▸ **Exercise requirements**
From the entries that follow, gather each line holding the word "ABDULAH".

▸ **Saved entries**
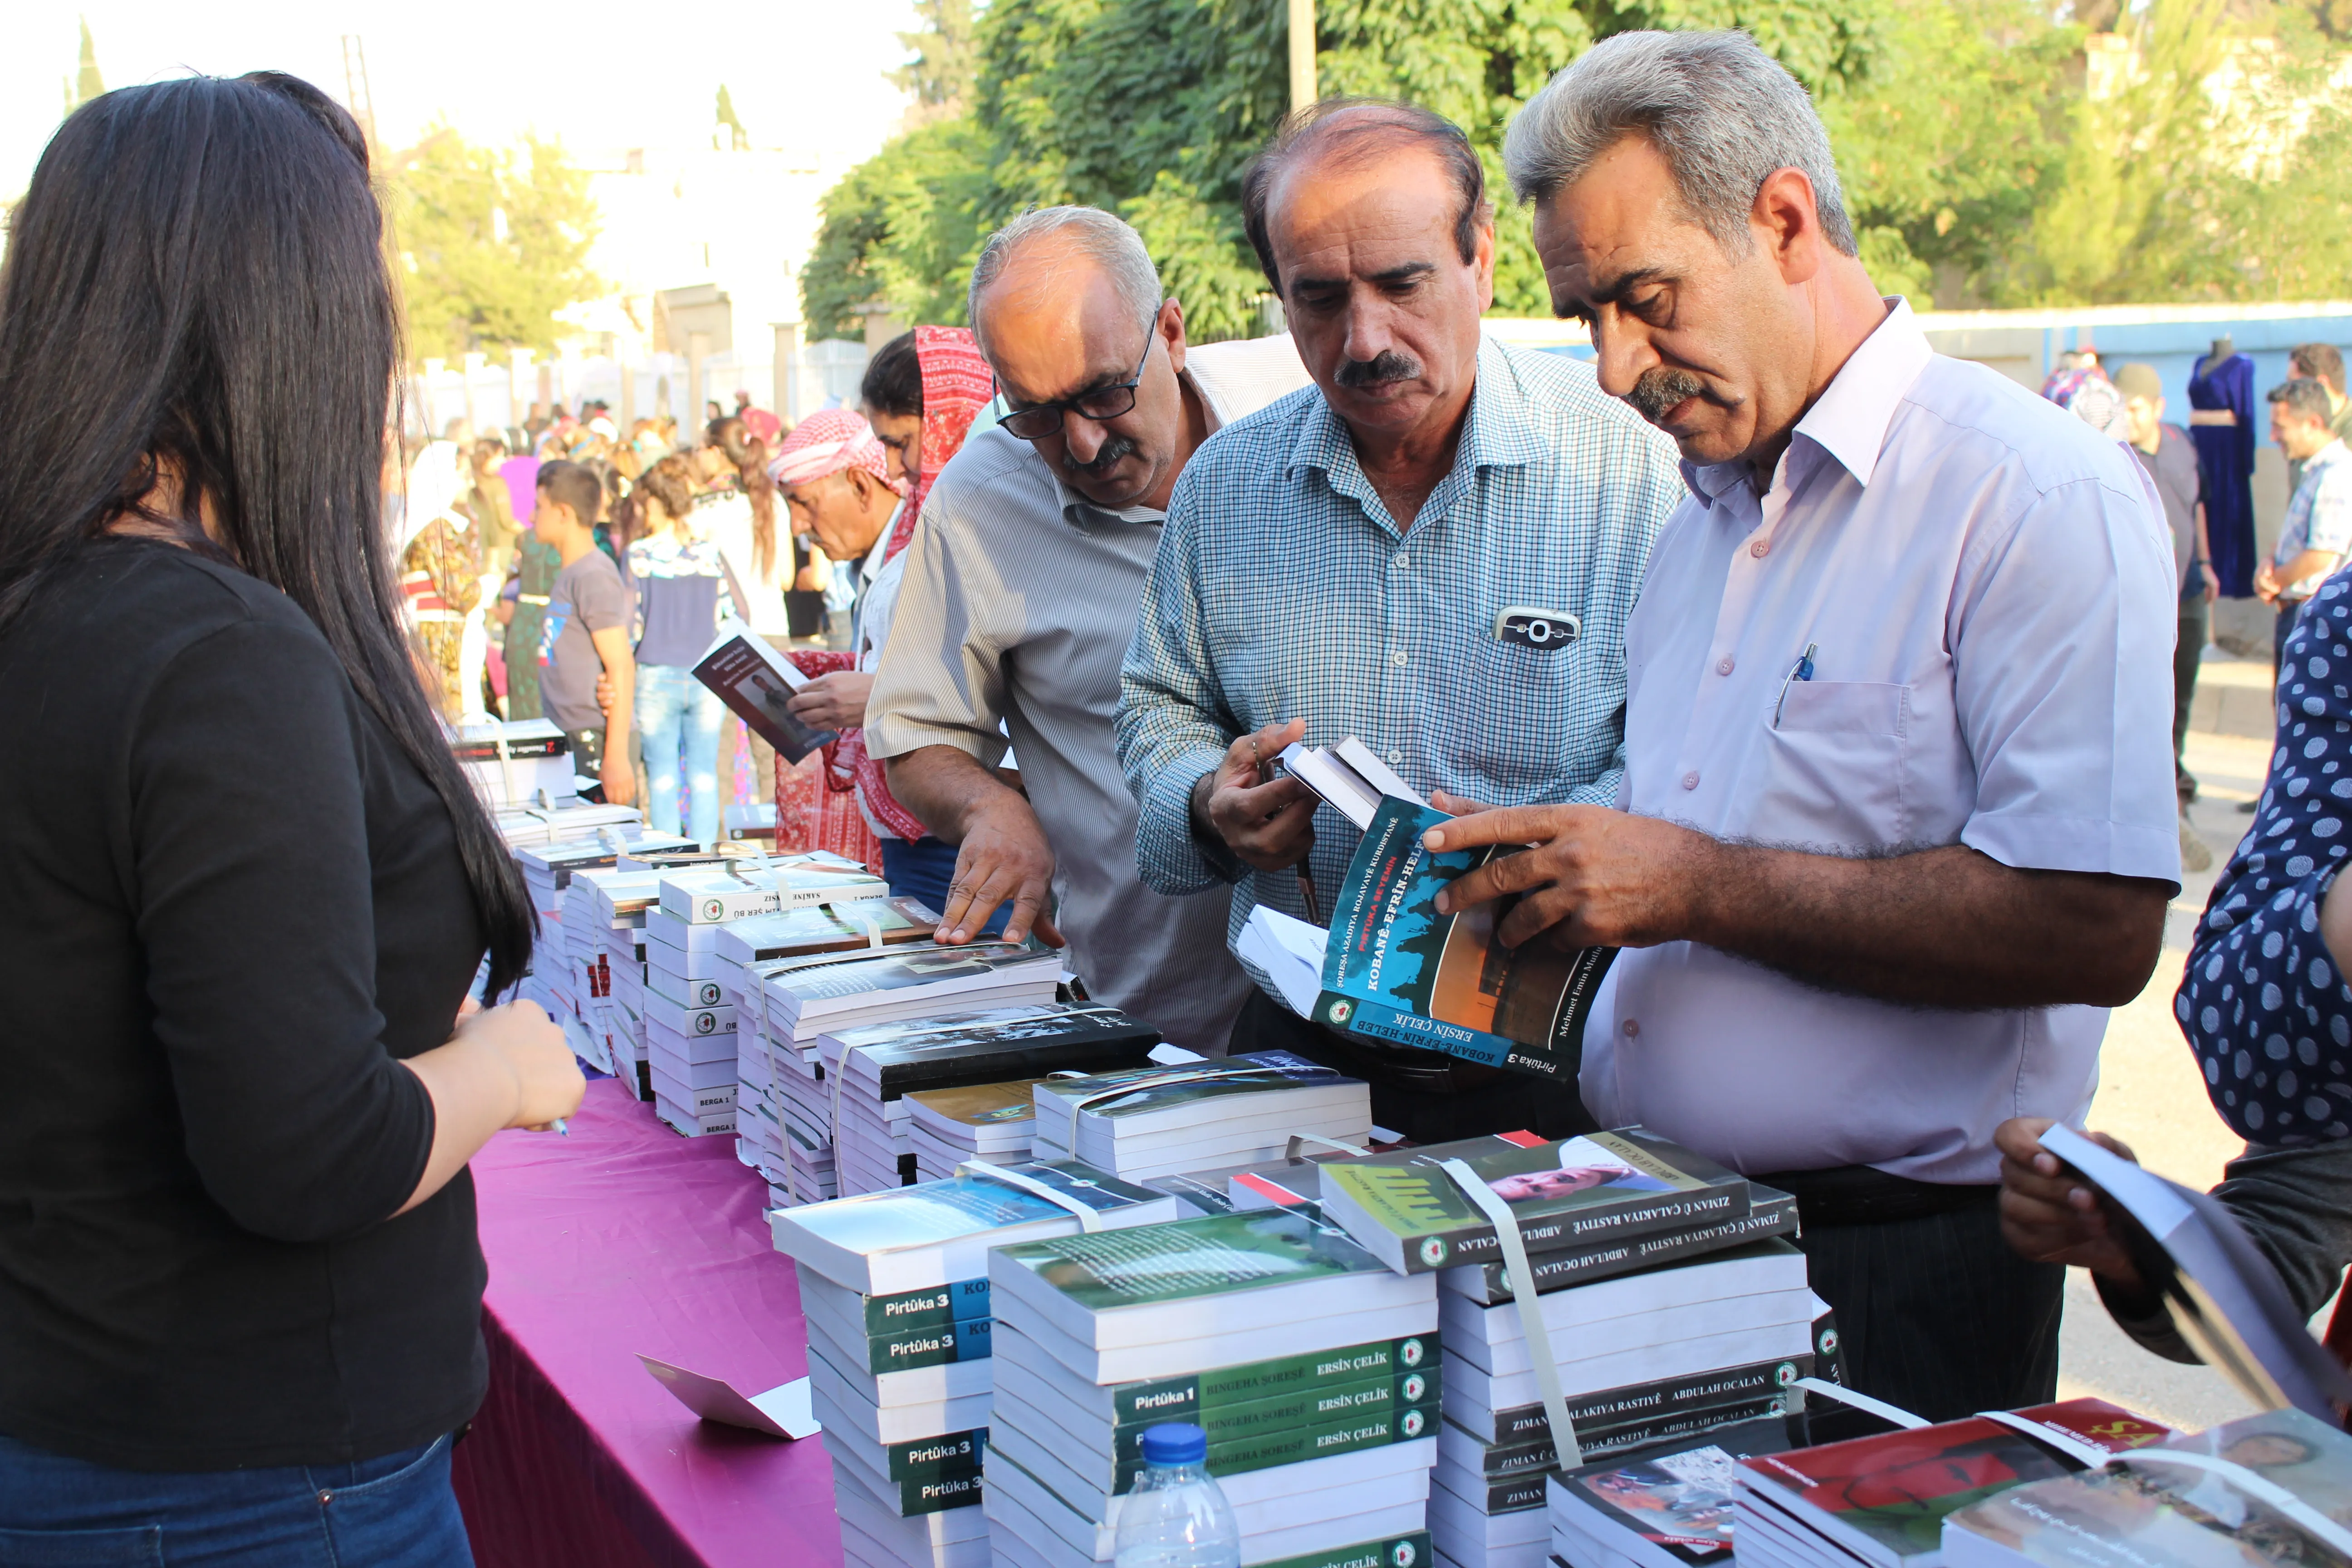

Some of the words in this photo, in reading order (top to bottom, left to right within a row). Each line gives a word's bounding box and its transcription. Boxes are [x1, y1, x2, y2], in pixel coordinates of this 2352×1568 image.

[1337, 954, 1348, 988] ŞOREŞA
[1343, 914, 1358, 952] AZADIYA
[1353, 868, 1374, 912] ROJAVAYÊ
[1370, 817, 1398, 867] KURDISTANÊ
[734, 911, 745, 919] BÛ
[1357, 904, 1378, 951] PIRTÛKA
[1559, 998, 1578, 1037] Mehmet
[1583, 946, 1603, 971] Mutlu
[1392, 1013, 1433, 1031] ÇELÎK
[1433, 1024, 1474, 1042] ERSÎN
[1507, 1054, 1518, 1063] 3
[1519, 1056, 1557, 1073] Pirtûka
[700, 1098, 723, 1106] BERGA
[706, 1124, 730, 1133] BERGA
[1623, 1201, 1681, 1223] ÇALAKIYA
[1684, 1202, 1692, 1215] Û
[1694, 1196, 1730, 1212] ZIMAN
[1573, 1215, 1621, 1234] RASTIYÊ
[1748, 1213, 1780, 1230] ZIMAN
[1521, 1225, 1562, 1240] ABDUL
[1685, 1222, 1736, 1243] ÇALAKIYA
[1458, 1236, 1500, 1252] CALAN
[1639, 1235, 1682, 1255] RASTIYÊ
[1581, 1247, 1629, 1267] ABDULAH
[1536, 1259, 1579, 1277] OCALAN
[886, 1298, 935, 1317] Pirtûka
[937, 1294, 950, 1307] 3
[890, 1338, 939, 1357] Pirtûka
[942, 1334, 954, 1348] 3
[1136, 1390, 1185, 1410] Pirtûka
[1186, 1387, 1194, 1400] 1
[1206, 1376, 1259, 1396] BINGEHA
[1317, 1358, 1351, 1376] ERSÎN
[1353, 1351, 1387, 1370] ÇELÎK
[1207, 1411, 1259, 1431] BINGEHA
[1318, 1394, 1352, 1411] ERSÎN
[1354, 1387, 1389, 1406] ÇELÎK
[1513, 1416, 1548, 1431] ZIMAN
[1568, 1404, 1614, 1420] ALAKIYA
[1617, 1392, 1661, 1411] RASTIYÊ
[1672, 1383, 1720, 1401] ABDULAH
[1723, 1375, 1764, 1391] OCALAN
[1205, 1448, 1258, 1469] BINGEHA
[1317, 1430, 1351, 1447] ERSÎN
[1353, 1423, 1387, 1441] ÇELÎK
[1501, 1453, 1537, 1468] ZIMAN
[1606, 1428, 1651, 1446] RASTIYÊ
[1662, 1417, 1711, 1434] ABDULAH
[1713, 1408, 1755, 1423] OCALAN
[909, 1446, 956, 1464] Pirtûka
[960, 1441, 971, 1453] 3
[922, 1480, 969, 1499] Pirtûka
[972, 1476, 983, 1488] 3
[1507, 1488, 1542, 1504] ZIMAN

▸ **Final answer**
[1581, 1247, 1629, 1267] ABDULAH
[1672, 1383, 1720, 1401] ABDULAH
[1662, 1417, 1711, 1434] ABDULAH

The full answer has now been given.